One of the greatest things about being an exchange student is that everyone in your host country wants to show you just how AWESOME their country is. Because of this lovely little truth, Rebecca (the other exchange student in my town from Germany) and I got very generously invited to go visit the south of Brazil with one of my future host families, Valdete (host mom, pronounced Val-detch) and Alemão (Host dad, pronounced Al-ay-mow. This isn’t his real name, just a nickname. It’s the Portuguese word meaning German.). My host dad, who’s real name is Horatio, has family in Paraná, a southern state in Brazil very near to the border of Argentina and Paraguay. He thought it would be a good chance for Rebecca and I to see a different part of the country and culture, so one Thursday a while back, we packed up Valdete’s car at 6am and drove the 12 hours to Paraná. We stayed in Alemão’s sister’s house, along with the family of Alemão’s nephew. Alemão’s other nephew, other sister, and mom all lived near by as well, so the house was continuously full of family. Both nephews had children as well, all under the age of 7. Needless to say, it was a very loud weekend. I ended up playing a lot with 6 year old Ana Júlia and her cousin. They were both endlessly full of energy and I only understood half of what they said, but they both seemed to like the fact that I was willing to play with toy trucks. By the end of the trip Ana Júlia had drawn me 3 pictures and her cousin confided in me that he wanted to play soccer for a team called Inter when he grew up, so I think I made friends. Alemão’s nephews and their wives were fantastic people. They were all absolutely hilarious and endlessly curious about Germany and the USA. Talking with them made me realize just how far my Portuguese has come. I think that I must be getting pretty good if I can explain our social security system to a bunch of people in a foreign language. The one thing that threw me and Becca was the fact that it was COLD and RAINED, very, very unlike what we were used to in Mineiros! It rained the entire time we were there and since the houses are built very open to the outside and without heat, Becca and I were damp and cold for most of the trip.
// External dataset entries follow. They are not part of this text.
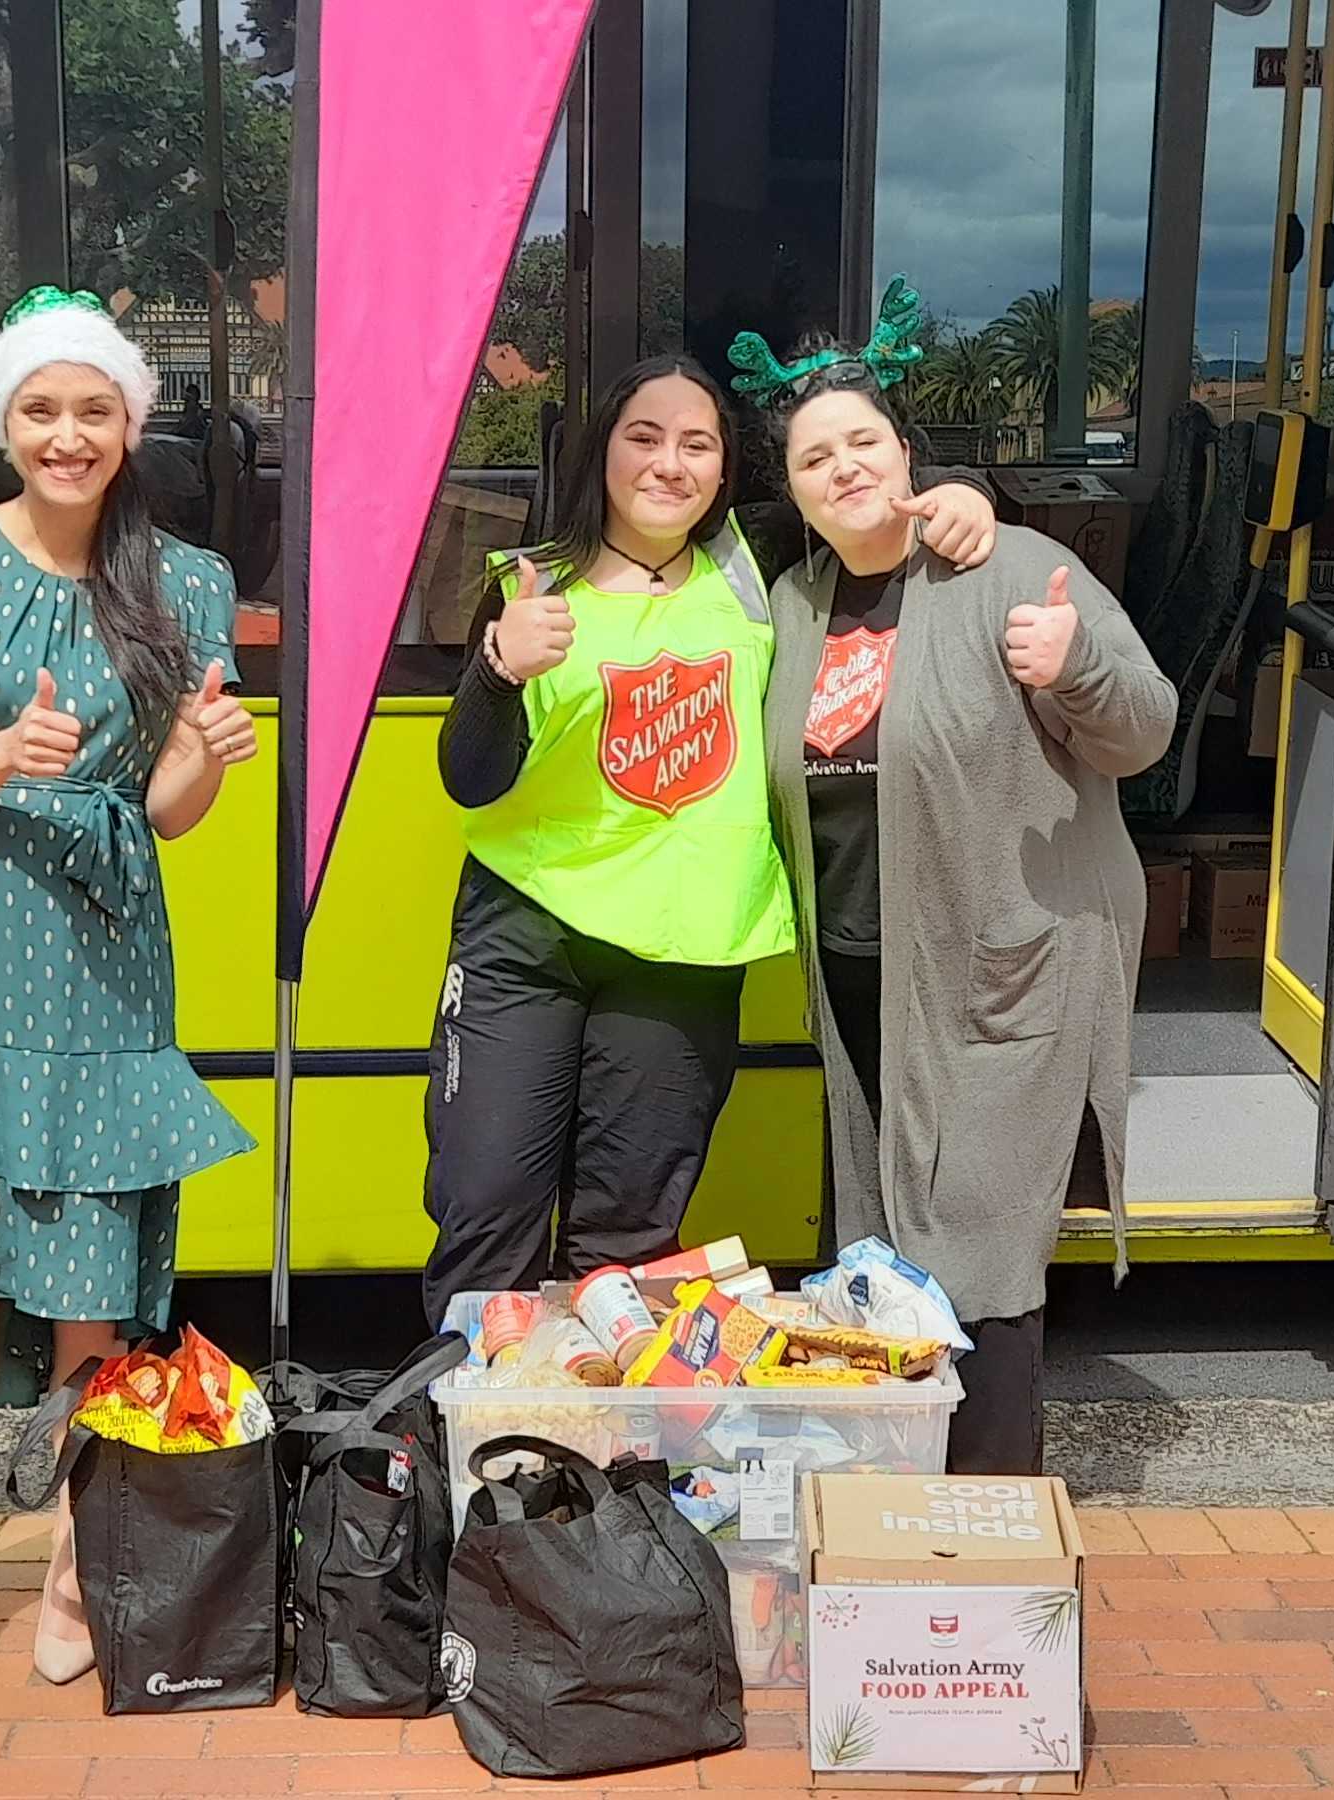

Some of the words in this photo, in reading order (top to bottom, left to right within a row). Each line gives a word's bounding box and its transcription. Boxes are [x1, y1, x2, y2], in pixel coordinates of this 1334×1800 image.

[630, 666, 677, 720] THE
[608, 670, 723, 774] SALVATION
[653, 717, 719, 796] ARMY
[855, 759, 879, 775] Arm
[922, 1481, 1035, 1500] cool
[928, 1499, 1039, 1520] stuff
[880, 1510, 1043, 1541] inside
[865, 1658, 961, 1676] Salvation
[967, 1659, 1025, 1680] Army
[861, 1682, 927, 1698] FOOD
[934, 1682, 1030, 1698] APPEAL
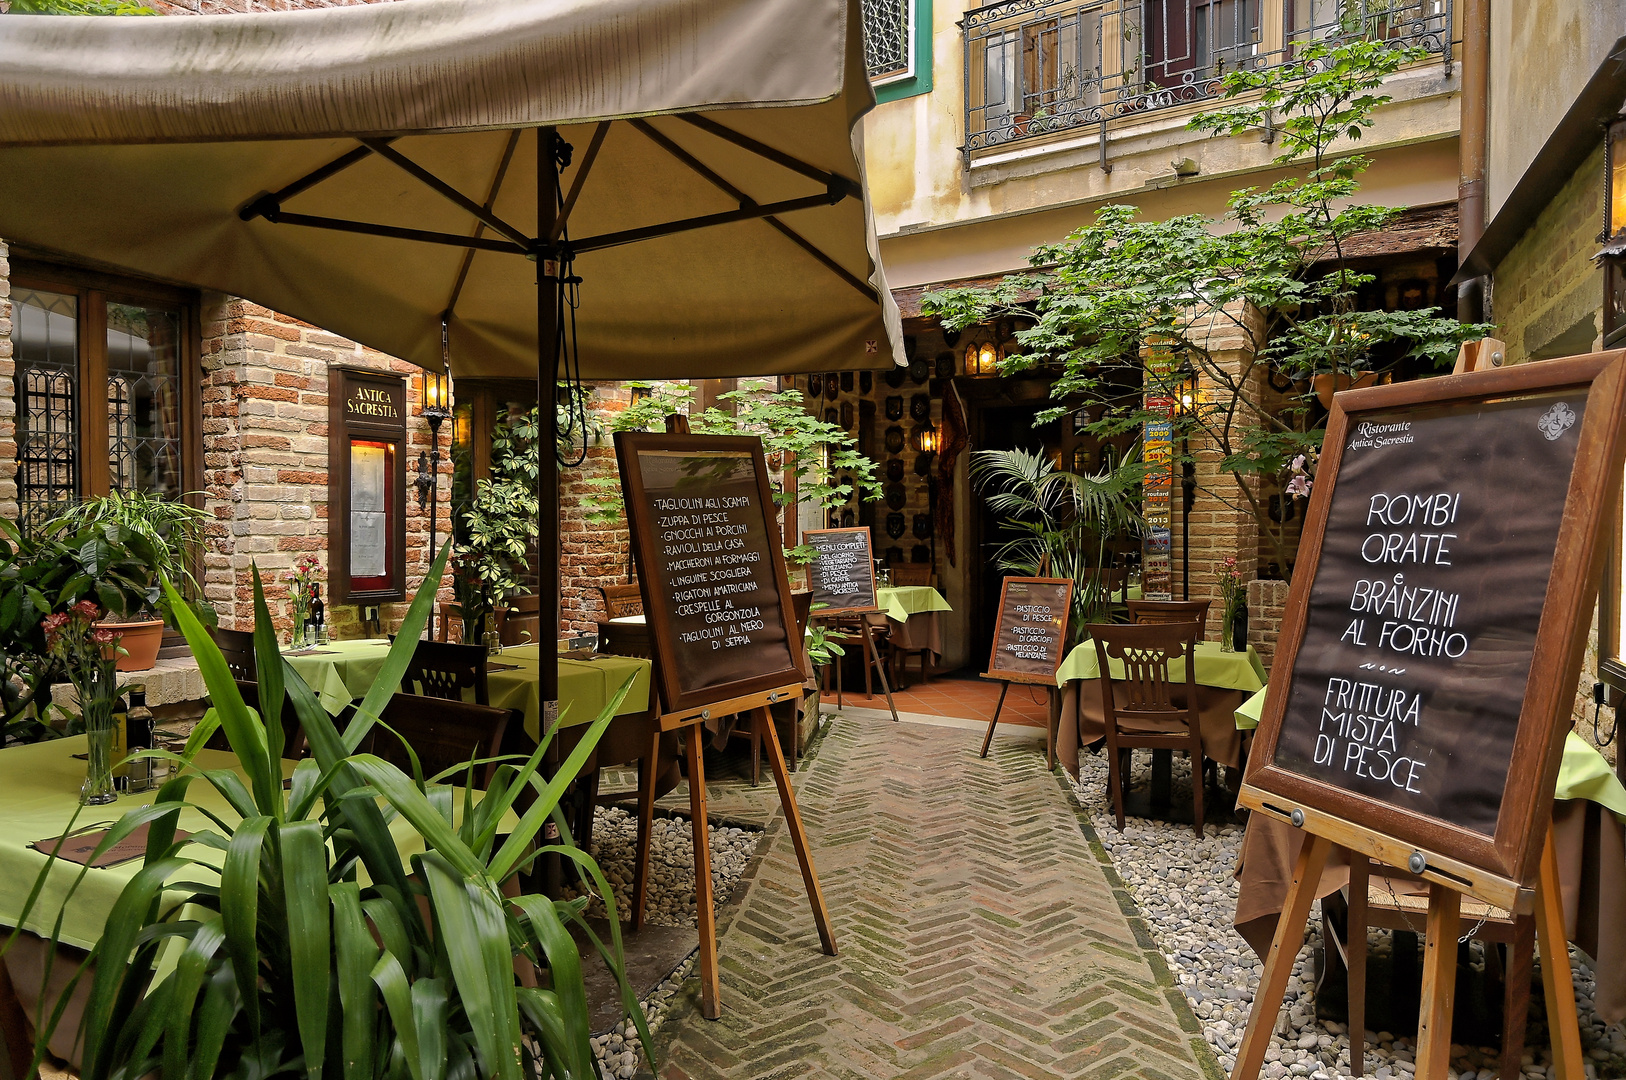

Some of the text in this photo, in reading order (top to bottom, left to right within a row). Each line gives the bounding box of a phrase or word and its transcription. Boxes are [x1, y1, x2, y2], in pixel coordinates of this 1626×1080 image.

[355, 387, 392, 403] ANTICA
[347, 398, 398, 418] SACRESTIA
[1357, 420, 1411, 438] Ristorante
[1346, 433, 1414, 450] Antica Sacrestia
[655, 496, 750, 511] TAGLIOLINI AGLI SCAMPI
[1366, 492, 1460, 526] ROMBI
[660, 512, 729, 528] ZUPPA DI PESCE
[663, 524, 748, 542] GNOCCHI AI PORCINI
[665, 538, 745, 556] RAVIOLI DELLA CASA
[831, 552, 855, 560] GIORNO
[1361, 533, 1457, 565] ORATE
[668, 552, 760, 571] MACCHERONI AI FORMAGGI
[671, 566, 752, 587] LINGUINE SCOGLIERA
[1393, 572, 1404, 585] e
[674, 581, 759, 603] RIGATONI AMATRICIANA
[677, 599, 735, 617] CRESPELLE AL
[1016, 604, 1051, 613] PASTICCIO
[1350, 579, 1459, 628] BRANZINI
[705, 607, 761, 624] GORGONZOLA
[1032, 614, 1052, 622] PESCE
[681, 620, 764, 643] TAGLIOLINI AL NERO
[1012, 626, 1046, 635] PASTICCIO
[1026, 635, 1052, 643] CARCIOFI
[1340, 618, 1468, 658] AL FORNO
[711, 635, 751, 650] DI SEPPIA
[1007, 644, 1039, 652] PASTICCIO
[1015, 651, 1047, 660] MELANZANE
[1324, 677, 1420, 726] FRITTURA
[1319, 707, 1396, 752] MISTA
[1313, 734, 1426, 794] DI PESCE
That’s ok though, because the second day of our trip we got in the car at 6 in the morning again, and drove off to the Brazilian/Paraguayan border. Once we got to the border we realized that Becca hadn’t brought the right papers, and would not be able to cross the border, so her and Valdete stayed in Brazil while Alemão, his sister (who will be called “Sally” because I never learned her name), and I crossed and extremely crowded, high, and extremely frightening bridge over into Paraguay. This bridge had sidewalks the same size as the one’s in Oak Park, but about 10 times the number of people on it. There was a lot of pushing and shoving and knocking into people’s shopping bags, which got a little scary considering how low the barrier was and how the walk way was almost 100 feet above the giant river below.
I had no idea what we would be doing in Paraguy at first, but soon discovered it was my favorite type—a shopping trip! Paraguay has no industry of its own, but it does import all the cool/chic American, French, and German things Brazilians want and at a price much cheaper than in Brazil. My little party of three only went probably a ½ mile into Paraguay, but it was so different from what I had seen in Brazil. The streets were so packed that cars moved far slower than the people walking around them. The streets were used like sidewalks because venders had set up giant stands there. Each stand had tarps draped from the top and attached to the closest building, creating a tent effect that covered the sidewalks for blocks, stopping only at intersections. Walking through the streets was like having all your senses messed around with. You start in the street, which is crowded with cars, people, trash, and puddles. It’s ridiculously hot from the sun and all the miniature grill stands selling “espatinhos” of sausage, chicken, or various fried foods. There is an overwhelming scent of car exhaust combined with hot oil, and all time you have to keep your eyes open for motorcycle taxis that weave haphazard through the cars, stands, and people. You take one step from the street to the sidewalk and suddenly it’s ten times darker and just as crowded. There are stands crammed into every space available selling jewelry, watches, suitcases, real and knock off brand name clothing and shoes, soccer paraphernalia, electrified bug rackets, pirated movies, and crappy children’s toys. Every so often the stands drop off to reveal stairs leading up into imported perfume and electronics stores or down into giant bargain basements almost the equivalent of a Paraguayan Cost-Co, only much more crowded. Everywhere there are people bargaining in Spanish and Portuguese or whistling for motor-taxis and of course a never-ending stream of sales boys trying to convince you to come to THEIR imports store. I swear, if I heard one more person say “Moça! Ven aca! Ven aca!” to me I would have gone insane. It was so completely overwhelming, but absolutely amazing. It felt almost like I was in some sort of movie, doing some stealth mission in a South American market. LOVED IT!!